In reality, Marseille is a city of many faces and layers. A melting pot of cultures and cuisines, it’s one of Europe’s most fun and exciting places to visit for a weekend break. It has an inherent liveliness with welcoming and friendly people, an exciting food scene, world-class museums and a vibrant nightlife. It benefits from an idyllic location, with both the city and the sea on your doorstep. The architecture is attractive and exciting – an eclectic mix of new and old – and the colourful shop fronts signal a respect for tradition and for the past. It’s a pleasure to explore its eclectic neighbourhoods, each with its own distinct character.
Often bypassed by visitors on the way to the glitzier cities of Cannes, Nice and St Tropez, Marseille has a charm that reveals itself slowly. It’s compact enough to explore most of the must-see sights on foot and a good place to start is the Vieux-Port – the beating heart of the city. The picturesque harbour is overlooked by Notre Dame de la Garde, known locally as La Bonne Mère – symbol of the city and reputed protector of sailors. It stands tall on a hilltop to the south of the city and is visible from almost every point.

Marseille shines
through its deeds
Interior of the Museum of European and Mediterranean Civilisations. Photography: Karyn Farrell
The two faces of Marseille are most visible in historic Le Panier, the oldest neighbourhood in the city. Here, narrow winding streets lined with flowers, artist studios and craft shops contrast sharply with vibrant examples of street art. Expect lots of hills and many steps but it’s all part of the charm.
One of its biggest surprises is the delightful Place des Moulins.
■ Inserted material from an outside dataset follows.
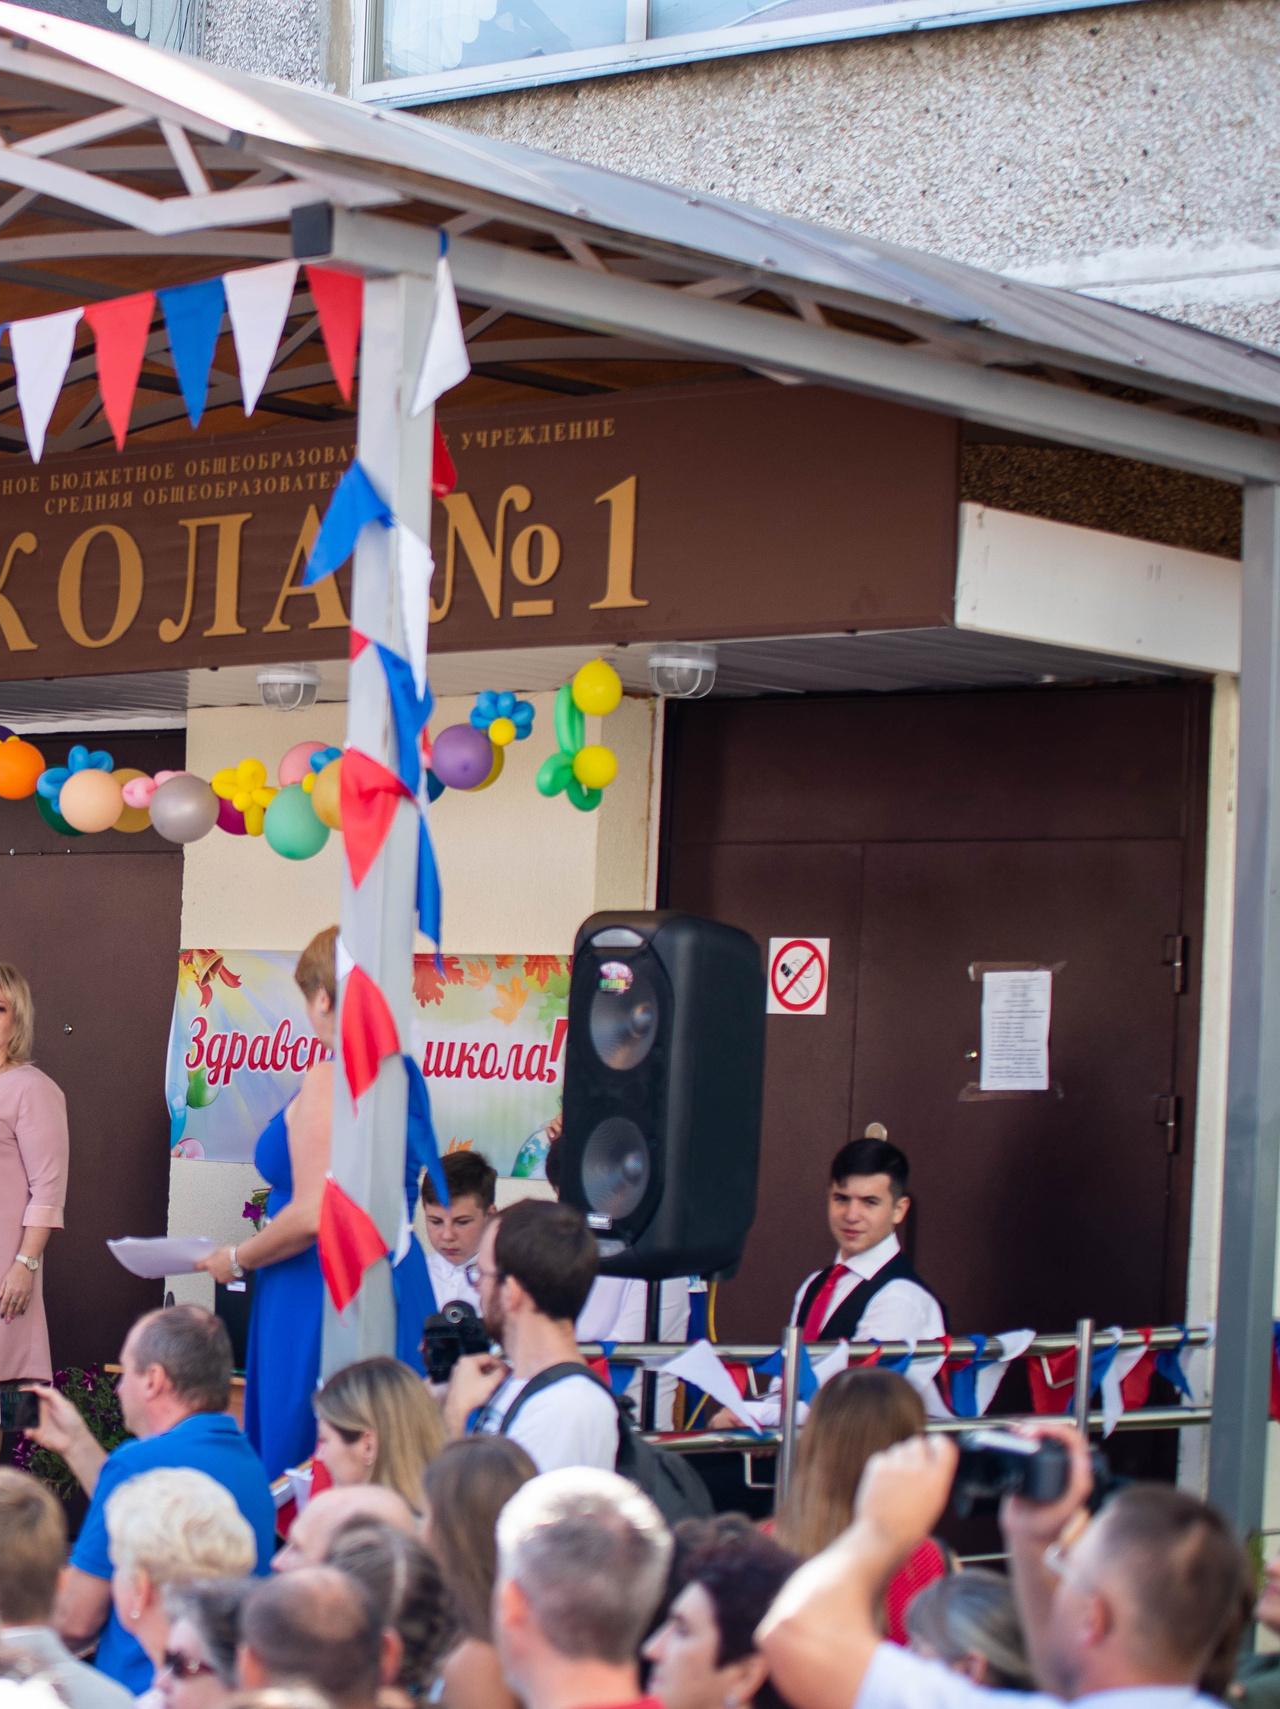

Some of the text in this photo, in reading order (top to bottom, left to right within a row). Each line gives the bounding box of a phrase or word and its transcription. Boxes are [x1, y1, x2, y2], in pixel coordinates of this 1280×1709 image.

Hidden away at the top of a steep incline, visitors suddenly find themselves in a traditional Provençal-style village. Turn a corner and the atmosphere changes completely. Birdsong has replaced the bustle and noise of the city down below and everything is still and quiet. A fountain stands in the centre of a postcard-perfect square lined with trees, benches and attractive houses with pastel-coloured shutters.
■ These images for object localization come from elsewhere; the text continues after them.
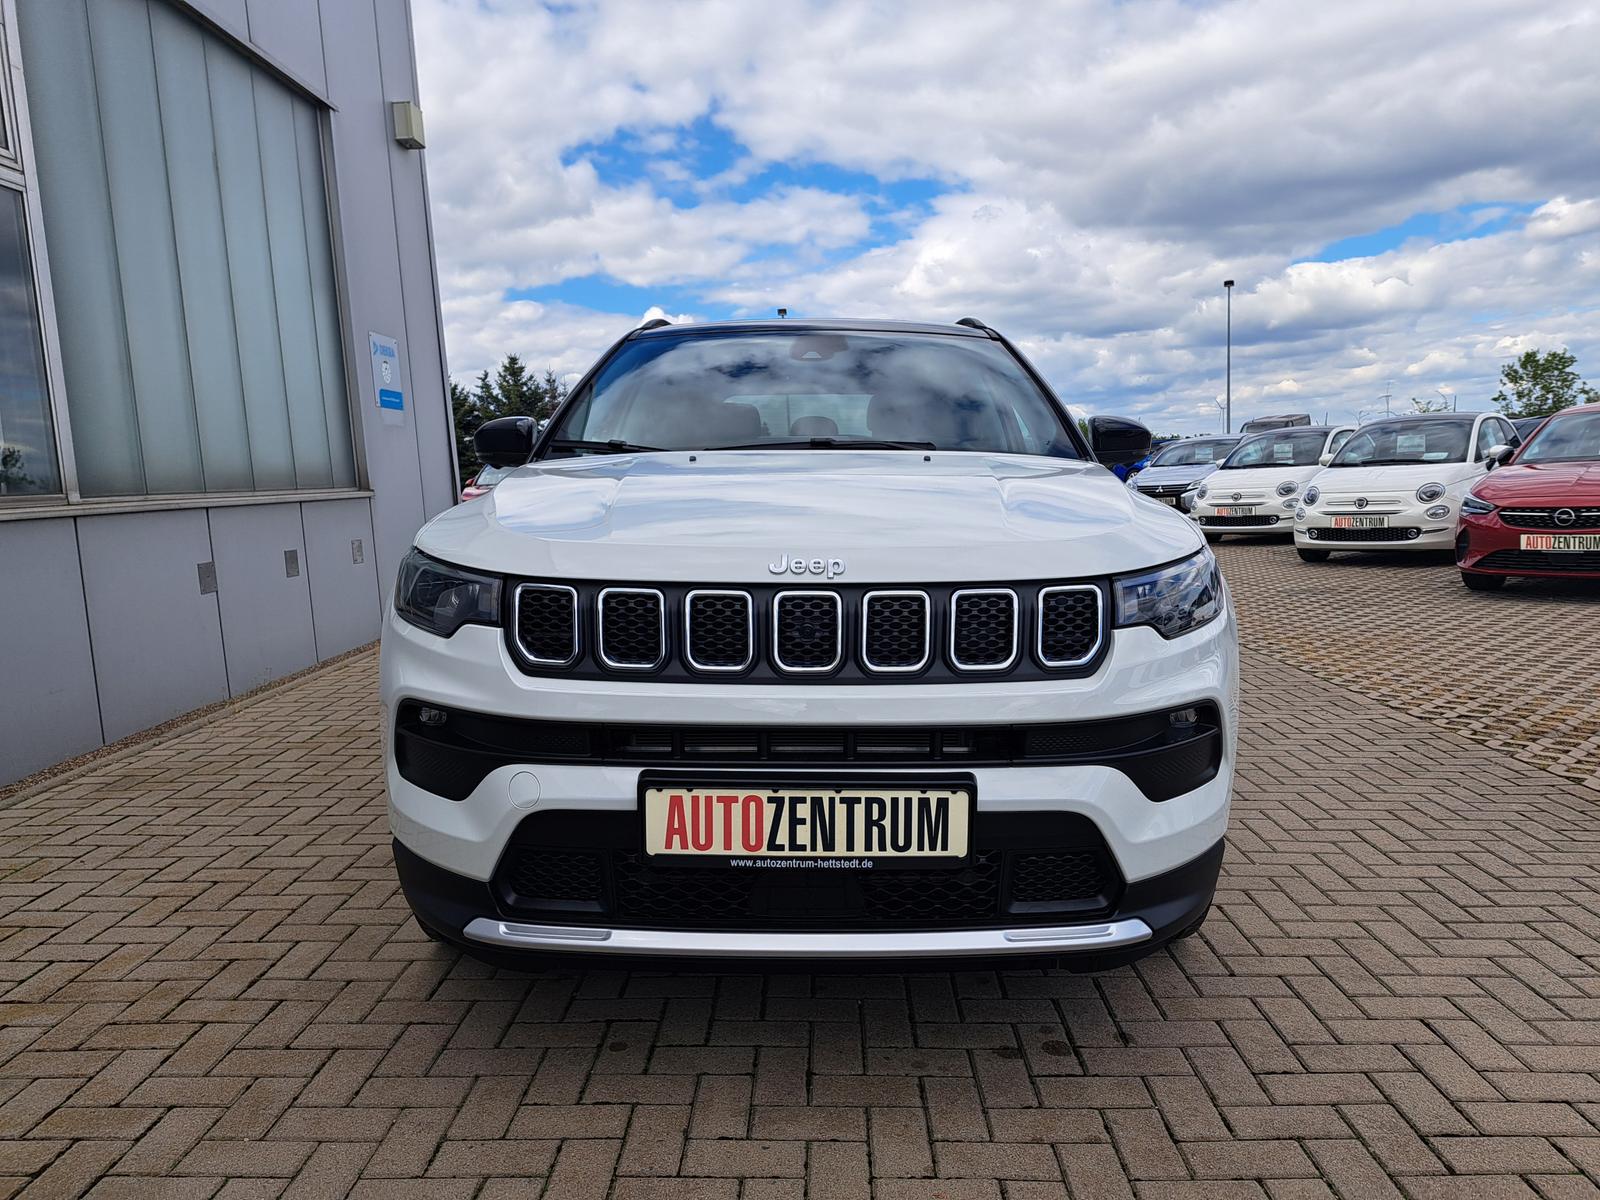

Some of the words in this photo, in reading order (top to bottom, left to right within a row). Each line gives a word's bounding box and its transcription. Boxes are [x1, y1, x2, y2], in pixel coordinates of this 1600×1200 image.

[1334, 516, 1385, 528] AUTOZENTRUM
[1525, 535, 1600, 550] AUTOZENTRUM
[768, 553, 846, 579] Jeep
[664, 795, 950, 852] AUTOZENTRUM
[730, 858, 873, 869] www.autozentrum-hettstedt.de
Contrast this with the Quartiers Nord to the north, synonymous with sprawling tower block estates and high-rise apartments. The birthplace of footballer Zinedine Zidane has a grim reputation for crime and drugs, reinforced by sensationalised media coverage, while its seedy side has often been memorialised on screen.
However, its beauty and charm have also captured the imagination of many directors. Richard Curtis chose the city as the setting for some of the most iconic scenes in his Christmas favourite Love Actually. When Colin Firth’s character Jamie declares his love to Aurelia, we first see him walking down La Montée des Accoules in the Panier district, while the main scene of their reunion is Bar de la Marine on the Vieux-Port.
Its cinematic qualities are also evident in the Vauban neighbourhood, notable for two reasons: the basilica of Notre Dame de la Garde, and hills. Lots of very steep hills revealing unbeatable views of the city from above. The basilica towers above Marseille from the hilltop of Garde, and its viewing platforms offer a magnificent 360-degree panorama of the city, the sea and the islands of Frioul and If. The latter is home to the Château d’If, of Count of Monte Cristo fame.
There’s a cool, relaxed vibe to this neighbourhood and a village feel with bougie boutiques, yoga studios and trendy spots for brunch standing side-by-side with traditional boulangeries, cheese shops and patisseries.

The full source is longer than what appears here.